MLU Halle-Wittenberg, iDiv Halle-Jena-Leipzig, IPB Halle
|Measured variables||shape, size, count, growth|
|Operating system||linux, mac, windows|
|Plant requirements||any, Arabidopsis|
|Export formats||jpg, png|
|Other information||Package of ImageJ/MiToBo|
PaCeQuant, an ImageJ-based tool, which provides a fully automatic image analysis workflow for PC shape quantification. PaCeQuant automatically detects cell boundaries of PCs from confocal input images, and enables manual correction of automatic segmentation results or direct import of manually segmented cells. PaCeQuant simultaneously extracts 27 shape features that include global, contour-based, skeleton-based and PC-specific object descriptors. In addition, the developers included a method for classification and analysis of lobes at two-cell-junctions and three-cell-junctions, respectively.
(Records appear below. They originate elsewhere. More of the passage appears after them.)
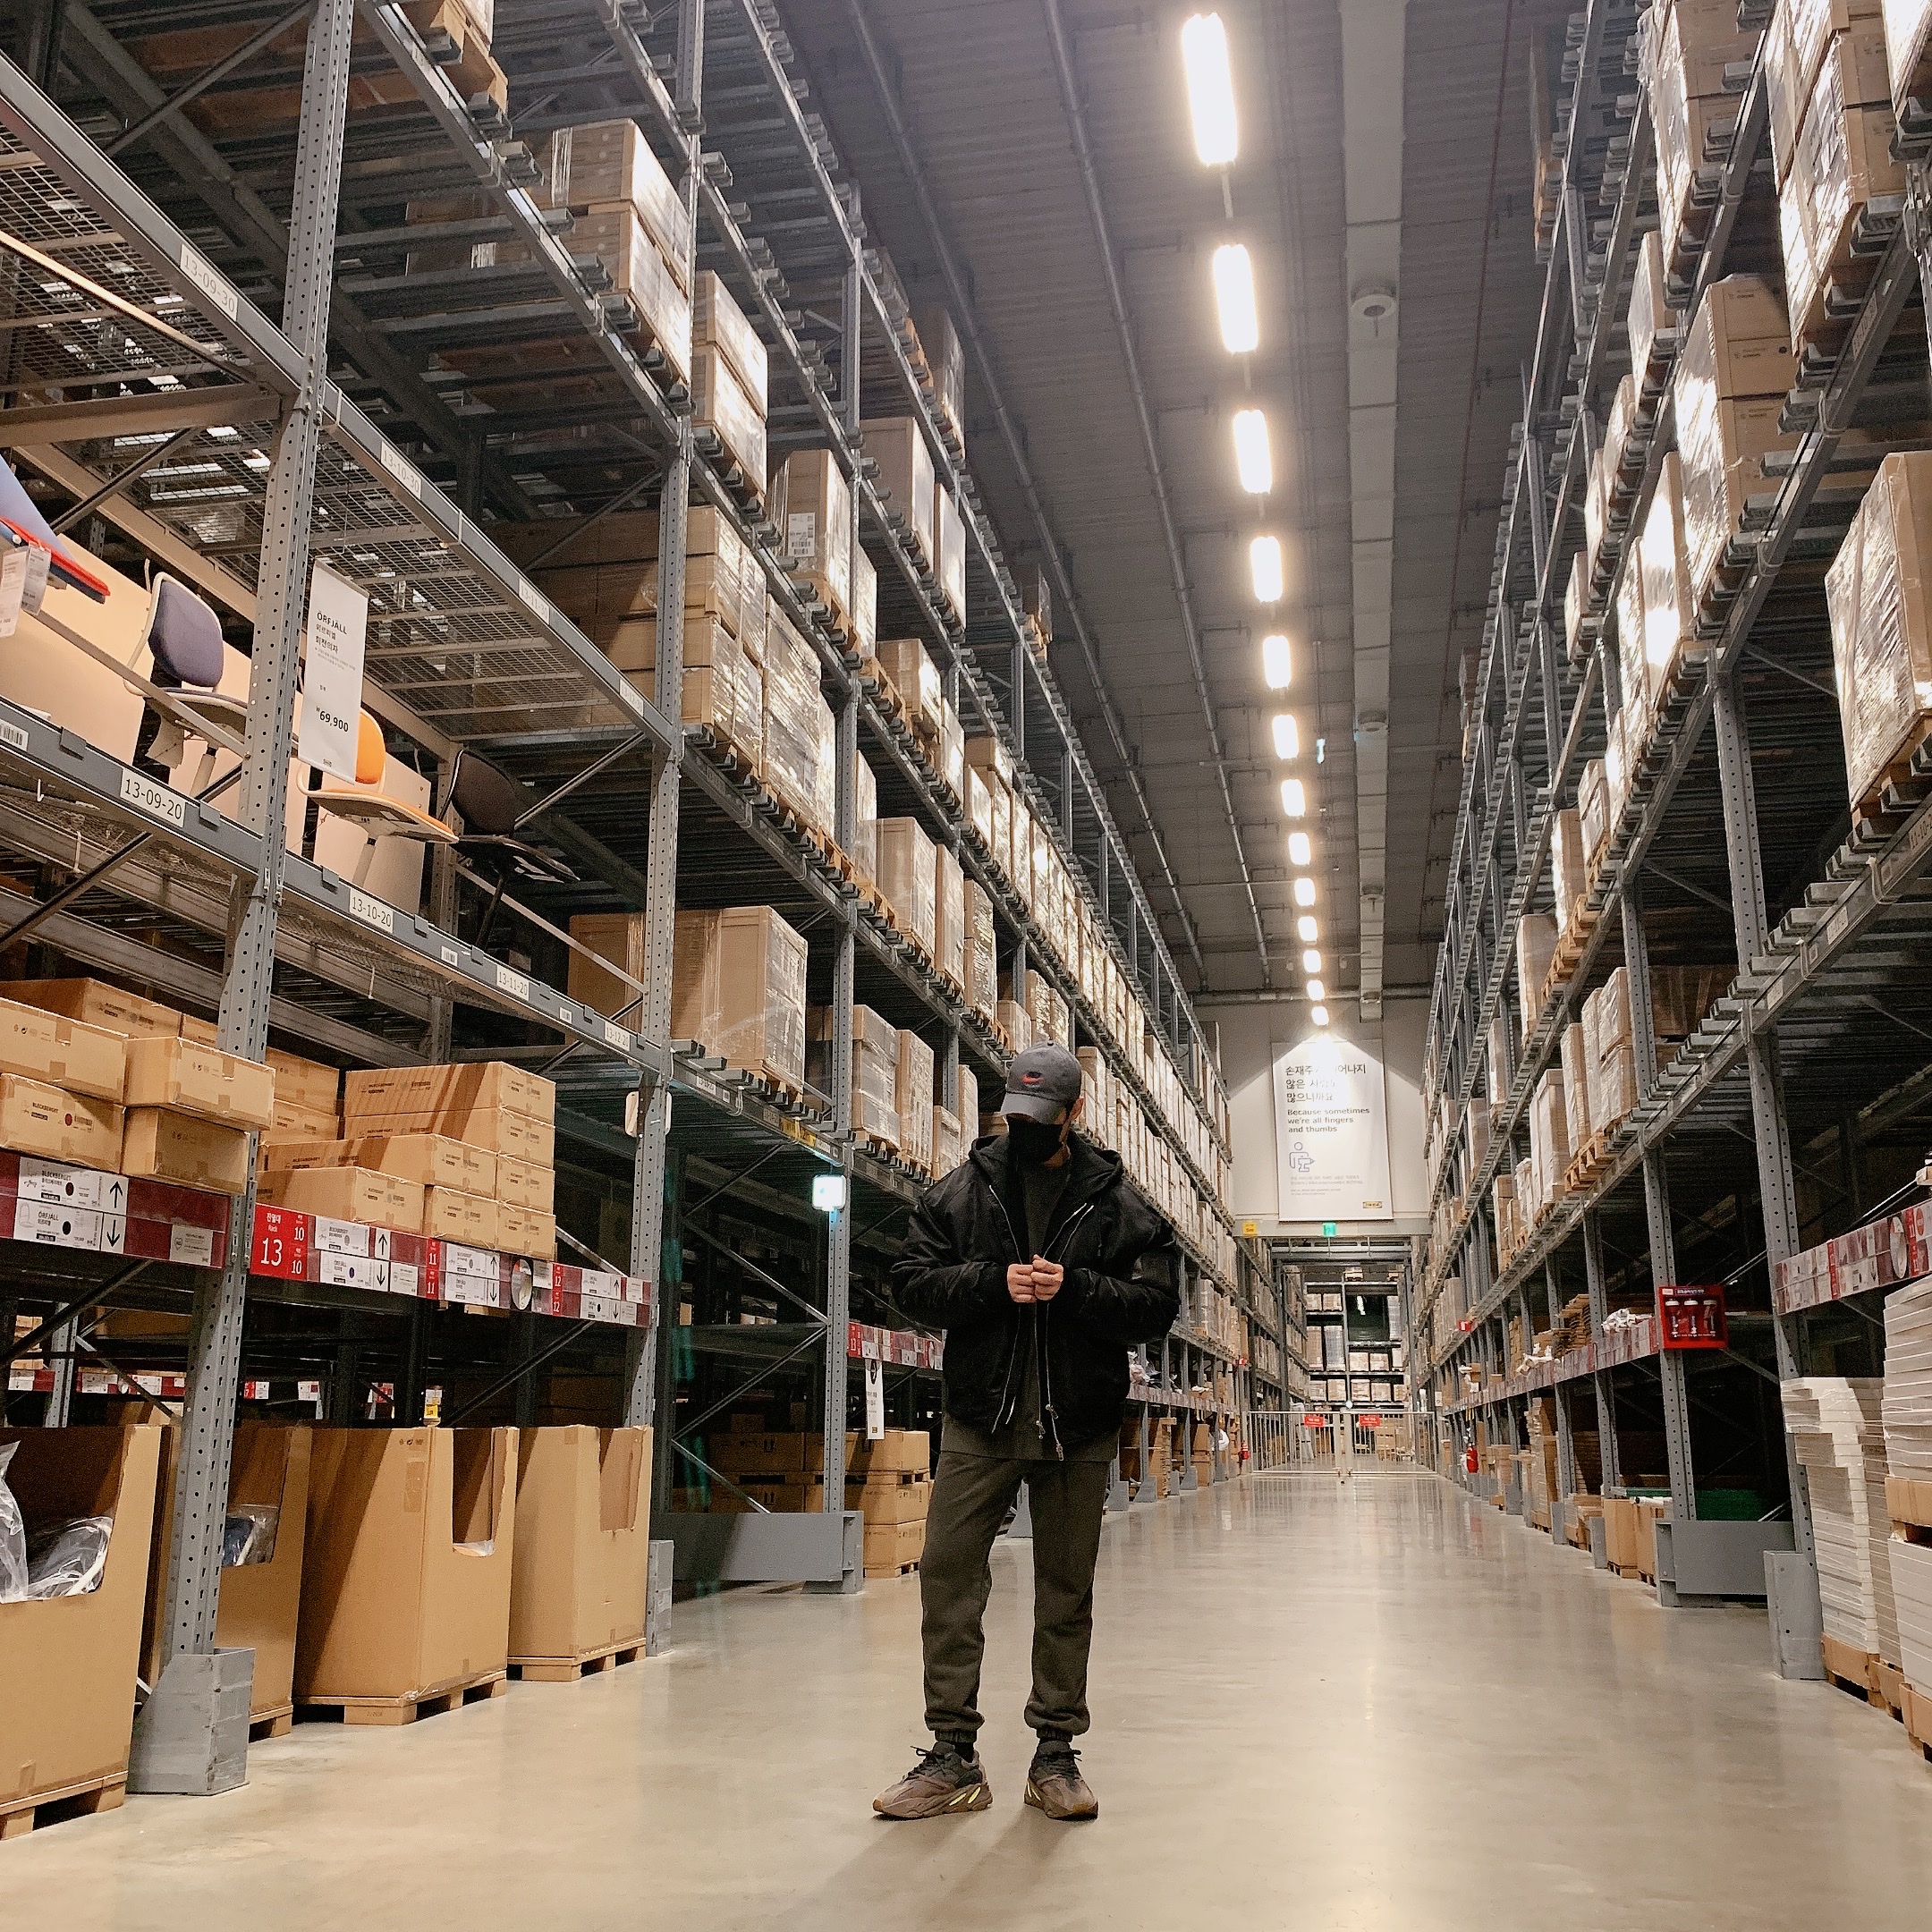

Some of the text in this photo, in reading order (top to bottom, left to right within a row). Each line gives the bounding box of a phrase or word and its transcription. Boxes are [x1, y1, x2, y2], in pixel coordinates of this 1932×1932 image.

[184, 255, 235, 313] 13-09-30
[383, 450, 419, 493] 13-10-30
[317, 610, 348, 635] ÖRFJÄLL
[124, 778, 182, 820] 13-09-20
[352, 896, 392, 928] 13-10-20
[498, 970, 528, 996] 13-11-20
[1287, 1107, 1370, 1116] Because sometimes
[1325, 1117, 1354, 1125] fingers
[294, 1226, 305, 1241] 10
[260, 1237, 283, 1267] 13
[428, 1252, 437, 1266] 11
[291, 1259, 302, 1275] 10
[427, 1281, 436, 1295] 11
[554, 1275, 562, 1287] 12
[553, 1302, 560, 1313] 12
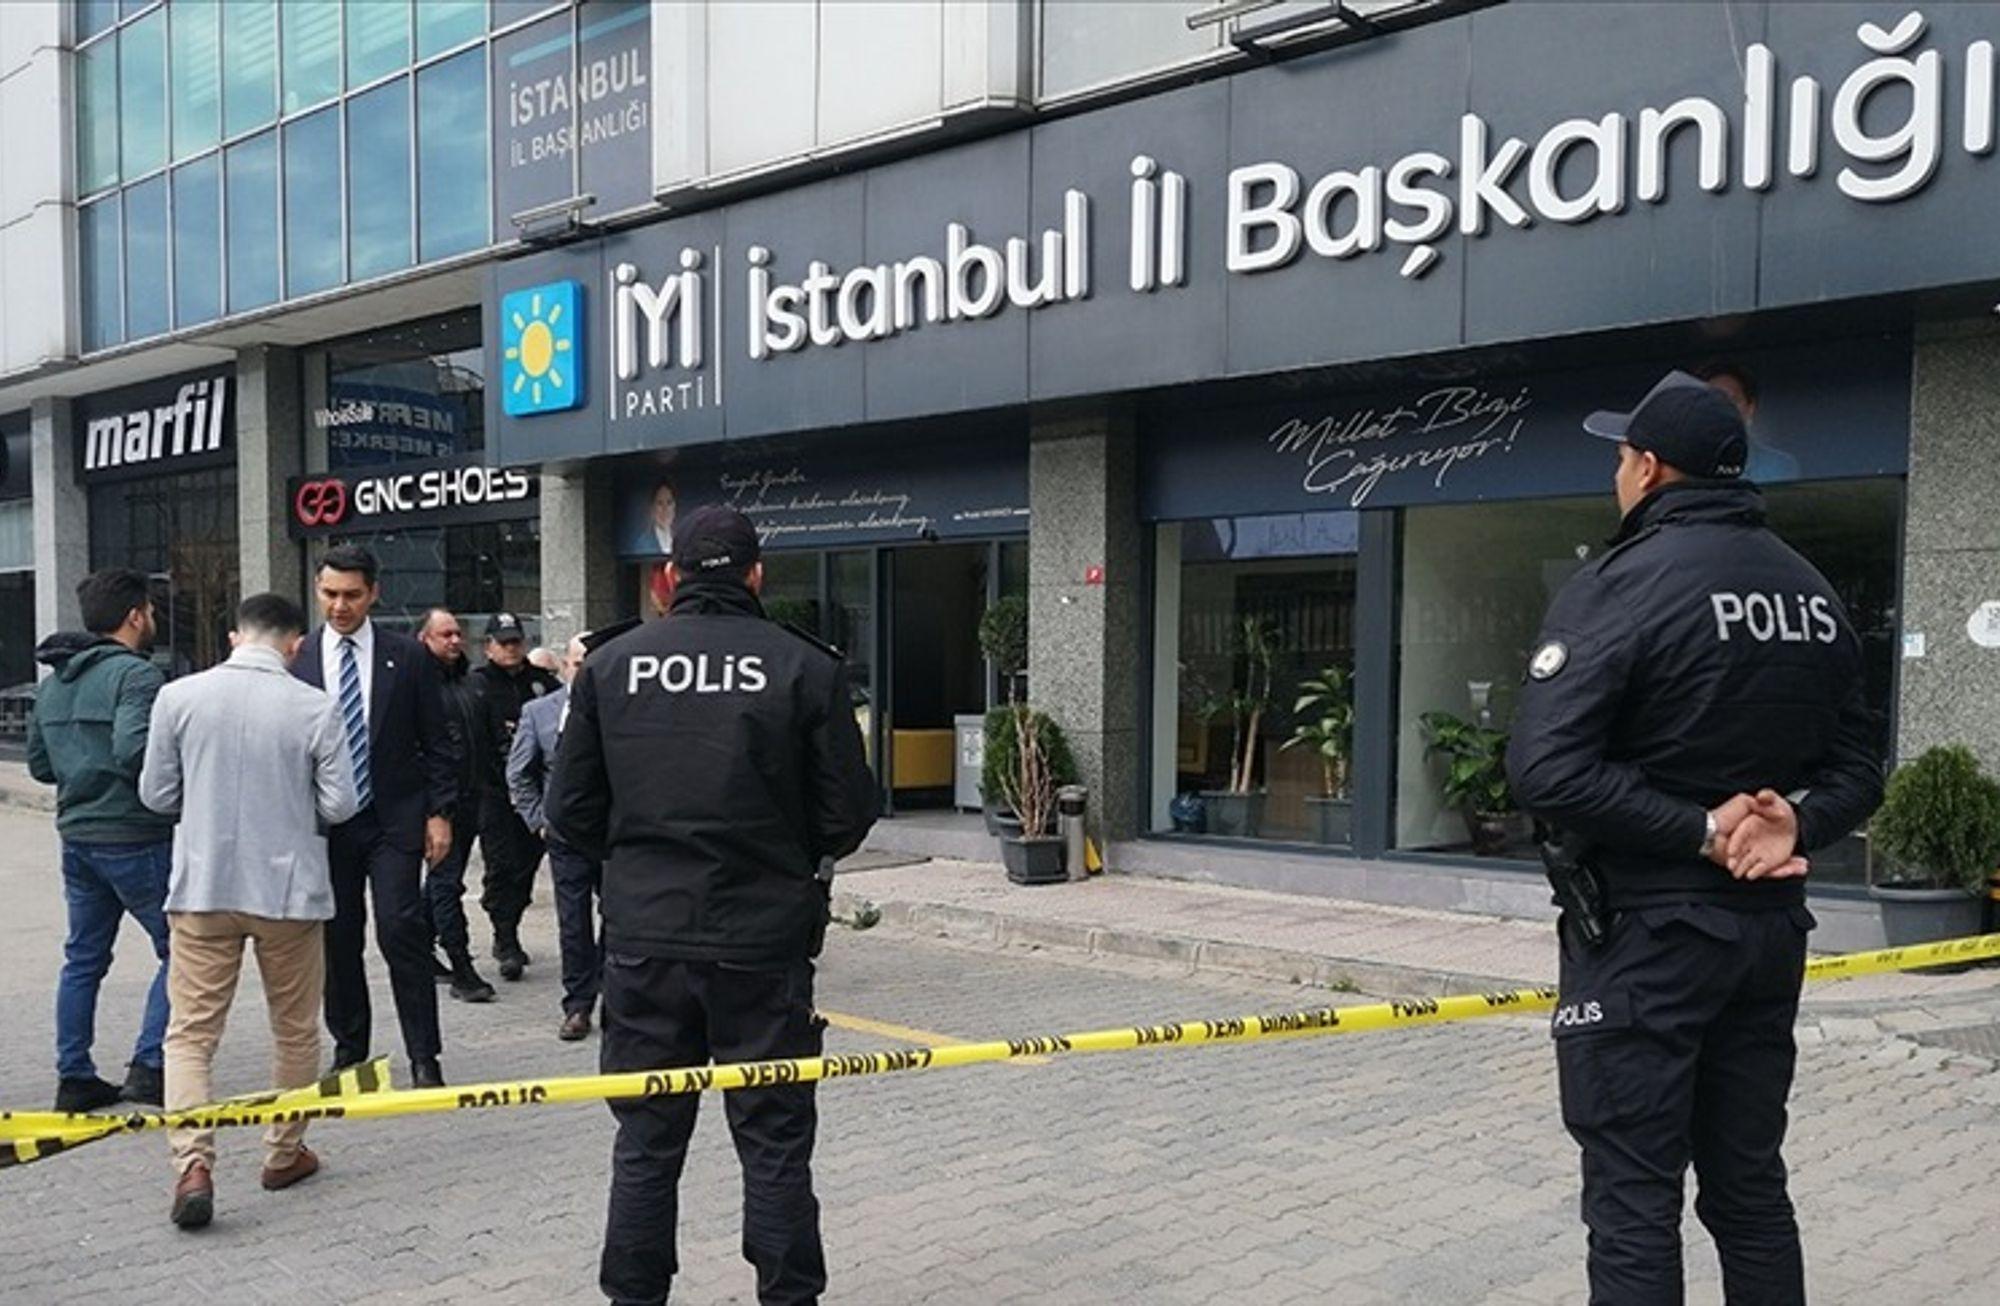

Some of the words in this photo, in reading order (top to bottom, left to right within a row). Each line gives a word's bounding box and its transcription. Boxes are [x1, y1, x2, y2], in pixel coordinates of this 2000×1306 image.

[509, 48, 647, 128] İSTANBUL
[746, 188, 1088, 360] İstanbul
[1130, 155, 1186, 293] İl
[1225, 10, 1994, 278] Başkanlığı
[616, 247, 703, 381] İYİ
[84, 377, 226, 470] marfil
[626, 376, 704, 418] PARTİ
[1268, 406, 1419, 466] Millet
[1412, 386, 1531, 440] Bizi
[354, 475, 414, 515] GNC
[419, 466, 529, 510] SHOES
[1710, 591, 1838, 644] POLİS
[628, 654, 767, 694] POLİS
They provide an R script for graphical visualization and statistical analysis. They validated PaCeQuant by extensive comparative analysis to manual segmentation and existing quantification tools, and demonstrated its usability to analyze PC shape characteristics during development and between different genotypes. PaCeQuant thus provides a platform for robust, efficient and reproducible quantitative analysis of PC shape characteristics that can easily be applied to study PC development in large data sets.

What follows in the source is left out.